Waymon B. McLeskey, II, 5 East Long Street, Suite 405, Columbus, OH 43215-2915, for Plaintiff-Appellant.
Dennis L. Pergman, 50 North Sandusky Street, Delaware, OH 43015-1926, for Defendants-Appellees.
W. Scott Gwin, P.J., Sheila Farmer, J., Julie Edwards, J.
OPINION JUDGMENT ENTRY
{¶ 1} Plaintiff-appellant-cross appellee D.A.N. Joint Venture, III, L.P. [hereinafter D.A.N.] appeals from the July 8, 2003, Judgment Entry of the Delaware County Court of Common Pleas which dismissed D.A.N.'s complaint. Defendants-appellees-cross appellants are Ronald and Lisa Legg [hereinafter the Leggs]. On cross appeal, the Leggs appeal from the same July 8, 2003, Judgment Entry which in addition to dismissing D.A.N.'s complaint, dismissed the Leggs' counterclaim.
STATEMENT OF THE FACTS AND CASE
{¶ 2} On September 23, 2002, D.A.N. filed a complaint to recover the sum of $21,307.98 from the Leggs pursuant to a retail installment contract, security agreement and disclosure statement with Heath Mobile Homes, Inc. D.A.N. alleged that the Leggs signed these documents as co-buyers or co-makers with William R. Calendine, II and Clara L. Calendine, as part of the purchase of a mobile home. The contract at issue was thereafter assigned to Chrysler First Financial Services of Ohio. The contract was later sold to the Cadle Company, who then transferred the contract to D.A.N.
{¶ 3} The Leggs filed an answer to D.A.N.'s complaint alleging that they signed the contract only as witnesses and therefore did not owe D.A.N. any monies. In addition, the Leggs filed a counterclaim against D.A.N. asserting that D.A.N. had violated the Ohio Consumer Sales Practices Act. The Leggs sought damages, attorney fees and rescission of the contract.
{¶ 4} The matter came to trial on June 27, 2003. On July 8, 2003, the trial court issued a Decision and Judgment Entry which dismissed both the complaint and the counterclaim. The trial court concluded, that as a matter of law, D.A.N. had failed to prove the cause of action in the complaint and that the Leggs had failed to establish their counterclaim.
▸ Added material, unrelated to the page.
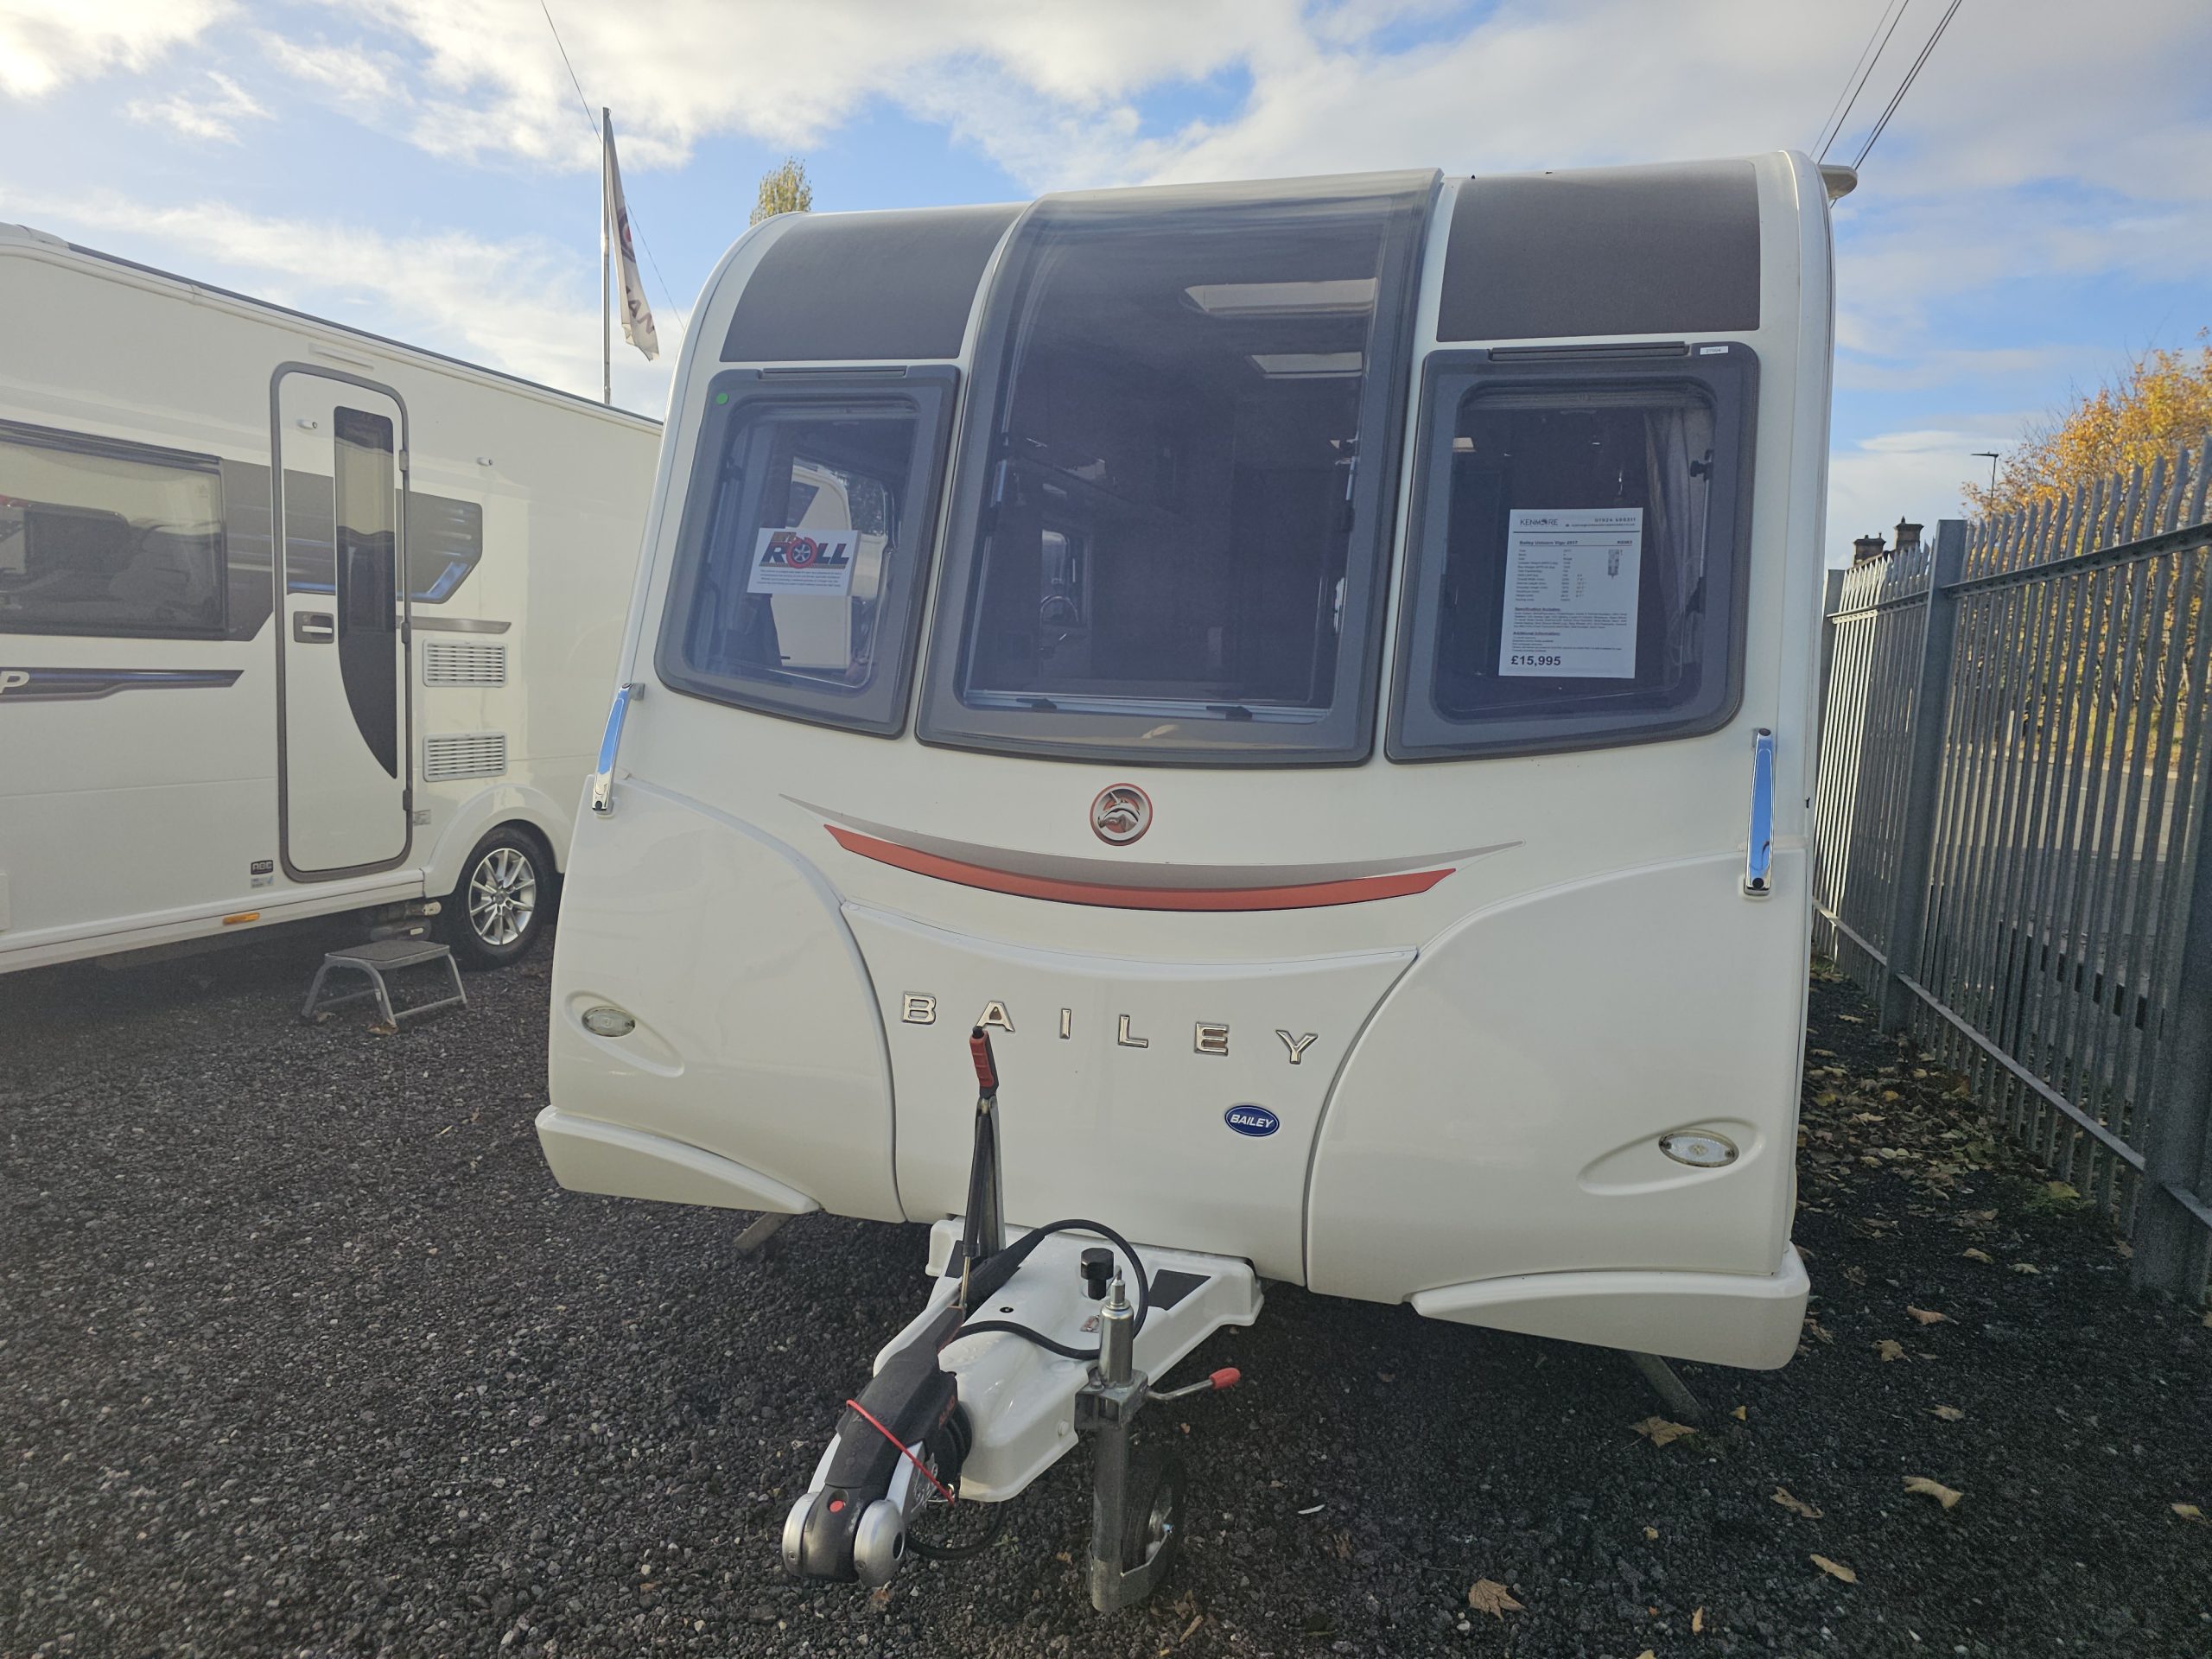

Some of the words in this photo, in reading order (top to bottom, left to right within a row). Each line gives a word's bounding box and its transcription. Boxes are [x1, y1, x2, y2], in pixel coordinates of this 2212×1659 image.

[1511, 656, 1561, 667] £15,995
[902, 992, 1319, 1065] BAILEY
[1230, 1114, 1274, 1128] BAILEY
{¶ 5} Thus, it is from the July 8, 2003, Decision and Judgment Entry that D.A.N. appeals, raising the following assignments of error:
{¶ 6} "I. That the court's decision in favor of the defendant [sic] on plaintiff's complaint is contrary to law and against the manifest weight of the evidence.
{¶ 7} "II. The court erred in allowing parole evidence to be admitted due to the fact that the subject contract was clear and unambiguous."
{¶ 8} In addition, the Leggs raised the following sole assignment of error on cross-appeal from the July 8, 2003, Decision and Judgment Entry:
{¶ 9} "The trial court's decision that defendants did not establish a knowing violation of the Consumer Sales Practices Act is against the manifest weight of the evidence and contrary to law."
{¶ 10} We will address D.A.N.'s assignments of error first, but out of order.
II
{¶ 11} In the second assignment of error, D.A.N. contends that the trial court erred when it permitted the introduction of parole evidence because the contract at issue was clear and unambiguous.
{¶ 12} At trial, the Leggs were permitted to testified that they were told that they were signing the contract only as witnesses and not as buyers. D.A.N. argues that the trial court erred in permitting this evidence.
{¶ 13} However, D.A.N. did not object to the admission of this evidence. By failing to object, D.A.N. waived any right to prohibit the introduction of such parole evidence. Starinki v. Pace (1987), 41 Ohio App.3d 200, 535 N.E.2d 328; ABM Farms, Inc. v. Woods (June 17, 1996), Fairfield App. No. 95 CAA 50, reversed on other grounds, 81 Ohio St.3d 498, 1998-Ohio-612, 692 N.E.2d 574; See also, Bolin v. Bolin (Apr. 25, 1990), Summit App. No. 14268. However, even if D.A.N. failed to object, the alleged error may be considered under the plain error rule. See Ejzak v. Remy, Richland App. No. 02CA8-2, 2002-Ohio-4385.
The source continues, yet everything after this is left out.